• _The problem_: What is needed is an exact transcription of every record.

..........

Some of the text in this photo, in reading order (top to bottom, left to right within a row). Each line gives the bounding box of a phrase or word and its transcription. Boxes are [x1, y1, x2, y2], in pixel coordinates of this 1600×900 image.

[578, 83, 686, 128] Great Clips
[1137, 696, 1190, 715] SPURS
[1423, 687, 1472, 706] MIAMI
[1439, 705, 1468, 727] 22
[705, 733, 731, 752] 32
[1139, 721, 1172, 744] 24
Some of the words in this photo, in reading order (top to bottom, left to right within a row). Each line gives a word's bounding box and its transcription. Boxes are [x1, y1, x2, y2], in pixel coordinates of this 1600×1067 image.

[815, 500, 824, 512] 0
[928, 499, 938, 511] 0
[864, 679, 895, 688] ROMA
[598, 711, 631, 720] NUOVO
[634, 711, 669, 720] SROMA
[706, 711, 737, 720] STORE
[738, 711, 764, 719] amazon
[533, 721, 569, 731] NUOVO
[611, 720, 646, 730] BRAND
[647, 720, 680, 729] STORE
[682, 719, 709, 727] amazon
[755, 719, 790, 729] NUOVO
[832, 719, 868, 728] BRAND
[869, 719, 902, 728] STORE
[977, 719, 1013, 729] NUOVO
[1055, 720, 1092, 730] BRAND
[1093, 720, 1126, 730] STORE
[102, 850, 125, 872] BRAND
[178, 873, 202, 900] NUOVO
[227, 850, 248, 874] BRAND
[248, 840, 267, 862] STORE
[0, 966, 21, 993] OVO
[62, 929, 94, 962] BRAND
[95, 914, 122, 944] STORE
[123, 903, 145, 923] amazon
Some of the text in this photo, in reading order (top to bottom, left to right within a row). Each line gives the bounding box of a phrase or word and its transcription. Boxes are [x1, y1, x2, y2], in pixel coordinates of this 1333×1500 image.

..........

• _Final answer_:
Some of the text in this photo, in reading order (top to bottom, left to right within a row). Each line gives the bounding box of a phrase or word and its transcription. Boxes are [x1, y1, x2, y2], in pixel coordinates of this 1600×900 image.

[578, 83, 686, 128] Great Clips
[1137, 696, 1190, 715] SPURS
[1423, 687, 1472, 706] MIAMI
[1439, 705, 1468, 727] 22
[705, 733, 731, 752] 32
[1139, 721, 1172, 744] 24
Some of the words in this photo, in reading order (top to bottom, left to right within a row). Each line gives a word's bounding box and its transcription. Boxes are [x1, y1, x2, y2], in pixel coordinates of this 1600×1067 image.

[815, 500, 824, 512] 0
[928, 499, 938, 511] 0
[864, 679, 895, 688] ROMA
[598, 711, 631, 720] NUOVO
[634, 711, 669, 720] SROMA
[706, 711, 737, 720] STORE
[738, 711, 764, 719] amazon
[533, 721, 569, 731] NUOVO
[611, 720, 646, 730] BRAND
[647, 720, 680, 729] STORE
[682, 719, 709, 727] amazon
[755, 719, 790, 729] NUOVO
[832, 719, 868, 728] BRAND
[869, 719, 902, 728] STORE
[977, 719, 1013, 729] NUOVO
[1055, 720, 1092, 730] BRAND
[1093, 720, 1126, 730] STORE
[102, 850, 125, 872] BRAND
[178, 873, 202, 900] NUOVO
[227, 850, 248, 874] BRAND
[248, 840, 267, 862] STORE
[0, 966, 21, 993] OVO
[62, 929, 94, 962] BRAND
[95, 914, 122, 944] STORE
[123, 903, 145, 923] amazon
Some of the text in this photo, in reading order (top to bottom, left to right within a row). Each line gives the bounding box of a phrase or word and its transcription. Boxes are [x1, y1, x2, y2], in pixel coordinates of this 1333×1500 image.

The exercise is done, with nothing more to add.